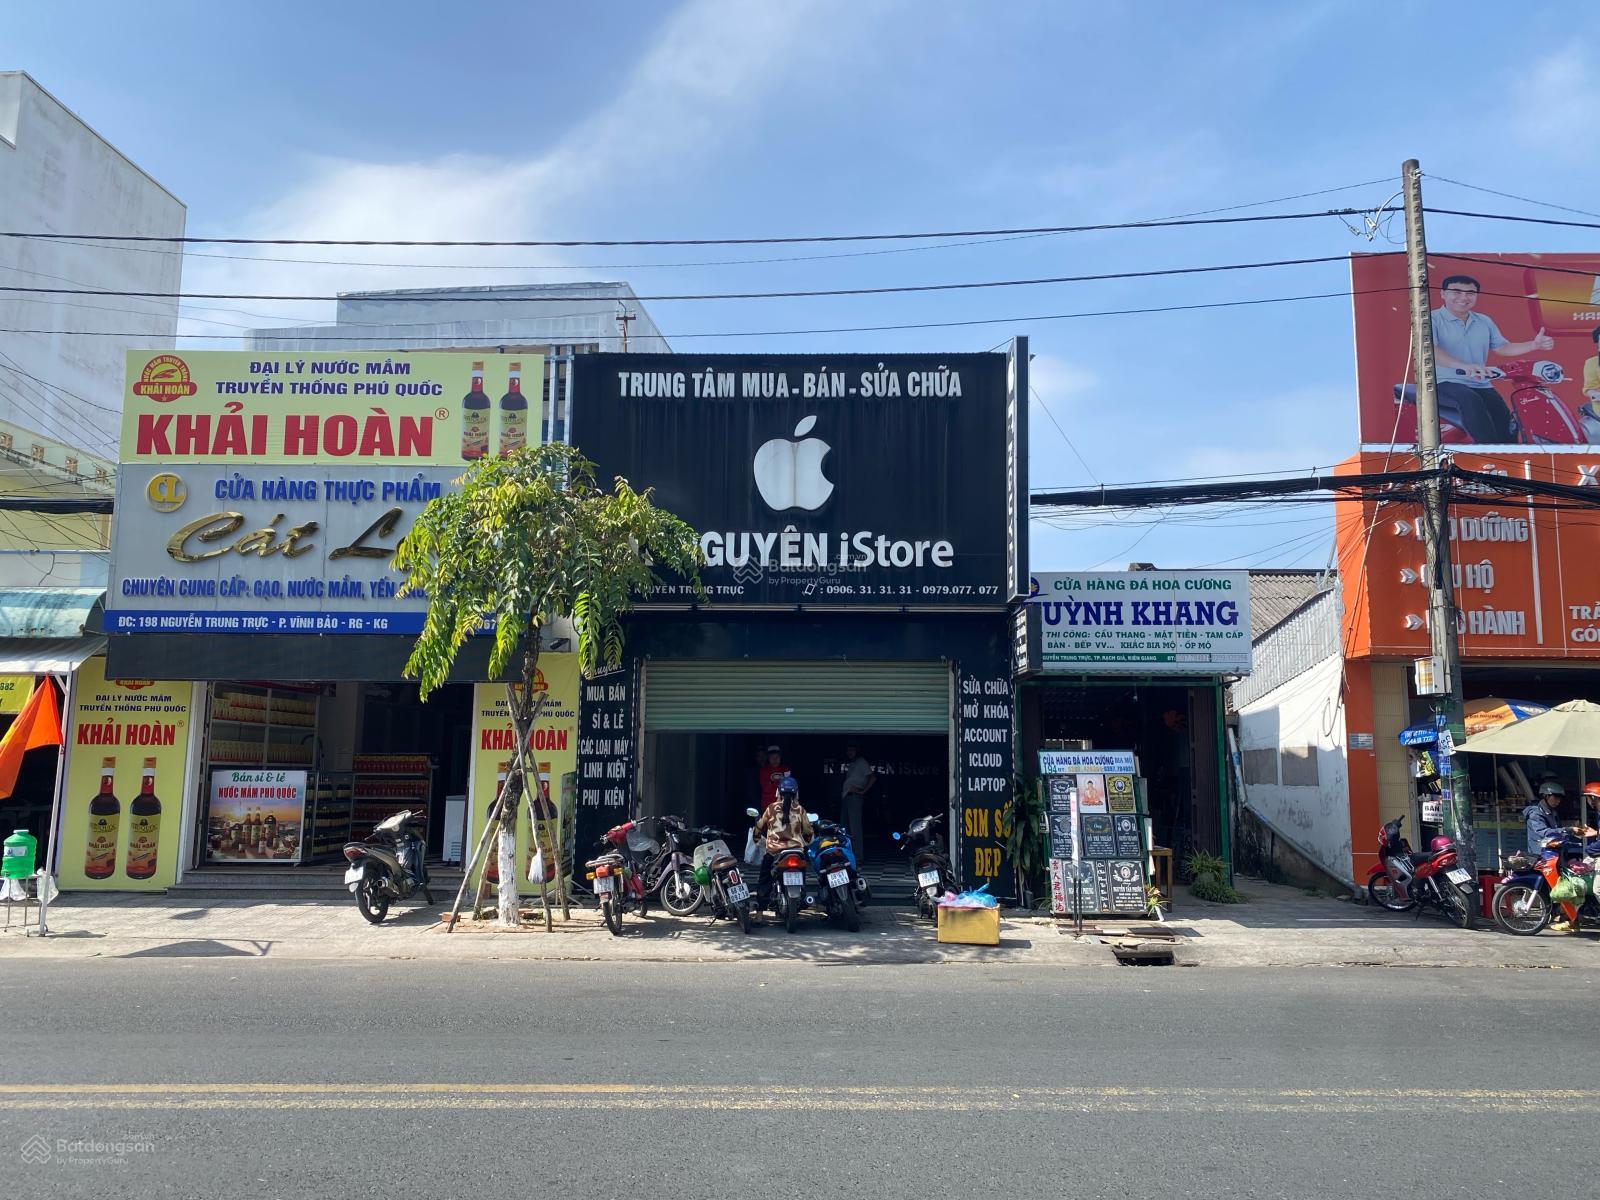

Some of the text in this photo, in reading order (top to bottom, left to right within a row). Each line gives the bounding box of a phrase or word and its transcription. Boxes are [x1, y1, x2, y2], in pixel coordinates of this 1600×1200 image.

[249, 358, 410, 377] ĐẠI LÝ NƯỚC MẮM
[216, 378, 442, 397] TRUYỀN THỐNG PHÚ QUỐC
[618, 371, 685, 399] TRUNG
[692, 367, 735, 399] TÂM
[907, 365, 962, 398] CHỮA
[136, 401, 433, 457] KHẢI HOÀN
[215, 473, 442, 505] CỬA HÀNG THỰC PHẨM
[1461, 511, 1528, 543] DƯỠNG
[695, 525, 828, 568] GUYÊN
[840, 531, 954, 568] iStore
[1054, 577, 1232, 591] CỬA HÀNG ĐÁ HOA CƯƠNG
[1466, 559, 1494, 593] HỘ
[122, 577, 175, 598] CHUYÊN
[179, 579, 217, 598] CUNG
[220, 574, 250, 598] CẤP:
[253, 579, 283, 600] GẠO,
[287, 577, 326, 598] NƯỚC
[370, 575, 395, 597] YẾN
[826, 585, 856, 594] 0906.
[860, 585, 876, 594] 31.
[879, 585, 896, 594] 31.
[899, 585, 912, 594] 31
[978, 585, 999, 595] 077
[1042, 595, 1239, 626] UỲNH KHANG
[1468, 605, 1525, 635] HÀNH
[118, 612, 388, 631] ĐC: 198 NGUYỄN TRUNG TRỰC P. VĨNH BẢO RG KG
[1063, 630, 1091, 639] CÔNG:
[586, 683, 626, 701] MUA BÁN
[963, 675, 1009, 696] SỬA CHỮA
[603, 713, 610, 729] &
[613, 708, 624, 729] LẺ
[963, 699, 1009, 719] MỞ KHÓA
[77, 717, 175, 746] KHẢI HOÀN
[964, 728, 1008, 743] ACCOUNT
[580, 736, 629, 758] CÁC LOẠI MÁY
[584, 758, 626, 782] LINH KIỆN
[969, 753, 1002, 767] ICLOUD
[232, 772, 253, 783] Bán
[266, 772, 274, 782] &
[968, 777, 1006, 792] LAPTOP
[218, 785, 239, 798] NƯỚC
[582, 786, 625, 809] PHỤ KIỆN
[965, 808, 989, 837] SIM
[975, 848, 1002, 883] ĐẸP

-- EXERCISE --
Only lines containing the string "NƯỚC" belong in the answer; find them in the data above and copy them.

-- SOLUTION TO THIS PROBLEM --
[249, 358, 410, 377] ĐẠI LÝ NƯỚC MẮM
[287, 577, 326, 598] NƯỚC
[218, 785, 239, 798] NƯỚC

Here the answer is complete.